After proclaiming independence in 1945 Indonesians led by first president Soekarno fought a brutal four-year guerrilla war against the stubborn colonial Dutch. The revolutionaries' success still stiffens spines.

Those who knew Soekarno (he was deposed in 1965, the 'year of living dangerously') recall a charismatic leader mesmerising millions with soaring oratory, but a flawed economist, toppled by the army that hated his dalliance with communism.

His vanquisher, General Soeharto maintained ruthless control of the nation through his army-backed Orde Baru (New Order) administration, till a popular uprising in 1998 when the economy crashed.

By getting into democracy first Indonesia has avoided the violent dissent now flaring in the Middle East.

Megawati Soekarnoputri, 67, Soekarno's daughter by the third of his nine wives, apparently believes she's destined to lead the nation of 240 million as head of the Democratic Party of Struggle (PDI-P).

The party came third in the 2009 legislative elections but the people, not the politicians, choose the president. In a largely policy-free campaign electors will back personalities they recognise.

The polls are clear; if Megawati stands she'll lose. She was president between 2001 2004, but her term was a yawn and she was widely seen as a puppet of the military.

Since then she has been defeated twice by former general Susilo Bambang Yudhoyono (SBY). He'll stand down this year as required by the constitution after ten years marked by economic stability and a growing middle class, but rising religious intolerance.

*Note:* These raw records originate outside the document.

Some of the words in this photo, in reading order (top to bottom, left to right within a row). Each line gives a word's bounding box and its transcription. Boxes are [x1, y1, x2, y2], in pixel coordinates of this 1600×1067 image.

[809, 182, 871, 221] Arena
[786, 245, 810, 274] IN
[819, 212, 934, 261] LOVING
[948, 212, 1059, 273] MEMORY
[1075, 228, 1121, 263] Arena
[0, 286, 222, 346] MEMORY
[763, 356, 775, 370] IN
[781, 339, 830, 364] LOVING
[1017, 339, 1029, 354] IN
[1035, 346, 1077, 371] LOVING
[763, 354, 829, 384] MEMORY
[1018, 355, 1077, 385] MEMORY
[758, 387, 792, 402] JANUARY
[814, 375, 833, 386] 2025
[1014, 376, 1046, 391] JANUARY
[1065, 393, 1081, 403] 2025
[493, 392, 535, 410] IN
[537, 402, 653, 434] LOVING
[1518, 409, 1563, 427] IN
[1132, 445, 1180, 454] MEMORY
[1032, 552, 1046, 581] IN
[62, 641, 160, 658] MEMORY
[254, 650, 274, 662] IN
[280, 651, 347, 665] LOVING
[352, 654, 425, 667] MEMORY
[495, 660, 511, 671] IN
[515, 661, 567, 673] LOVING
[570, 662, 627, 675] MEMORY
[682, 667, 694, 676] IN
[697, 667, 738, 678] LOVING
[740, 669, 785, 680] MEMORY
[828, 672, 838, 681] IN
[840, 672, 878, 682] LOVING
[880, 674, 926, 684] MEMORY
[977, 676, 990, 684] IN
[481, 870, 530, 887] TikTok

Indonesian elections are colourful events. Literally. Each party has its own hue. Voters poke a hole through a party symbol on the ballot paper. If no clear winner there'll be run offs. Overall the system is fair.

Megawati dithers on who'll carry the red bullhead flag of the PDI-P into the presidential ballot. She says she won't decide till after the 560-seat People's Representative Council results are clear.

Party pragmatists are urging her to anoint Joko Widodo, 52, the popular Mettalica-loving mayor of Jakarta with polls predicting he'd be a shoe-in for the top job.

Jokowi, as he's known, represents a clean break from the military-dominated past. In a nation where voting is not compulsory (71 per cent turned out in 2009) only an exciting candidate is likely to stir the disillusioned young and an electorate fed up with money politics.

Indonesia is youth dominated. One third of the nation's 187 million eligible voters are under 24, meaning few have any real knowledge of the repressive Soeharto era.

The press is now the freest and most robust in Asia, though Indonesians are not great readers and prefer electronic media for their information.

About 64 million people are wired, mainly through Facebook, meaning candidates who can't relate to this demographic are handicapped. However most users live in the big cities, not the highly populated regions where folk are less tech-smart.

Twelve parties are eligible but only four have a chance. Apart from the PDI-P they are Golkar, Soeharto's old outfit fronted by mining and media tycoon Aburizal Bakrie, SBY's Democrats, now riven by industrial scale graft and no candidate of note, and the Great Indonesia Movement (Gerindra).

This is headed by former general Prabowo Subianto, 63, once Soeharto's son-in-law and still on a US visa black list for his alleged involvement in human rights abuses.

Till now candidates have needed to be dollar mega-millionaires, own media outlets and have close links to the military to be taken seriously.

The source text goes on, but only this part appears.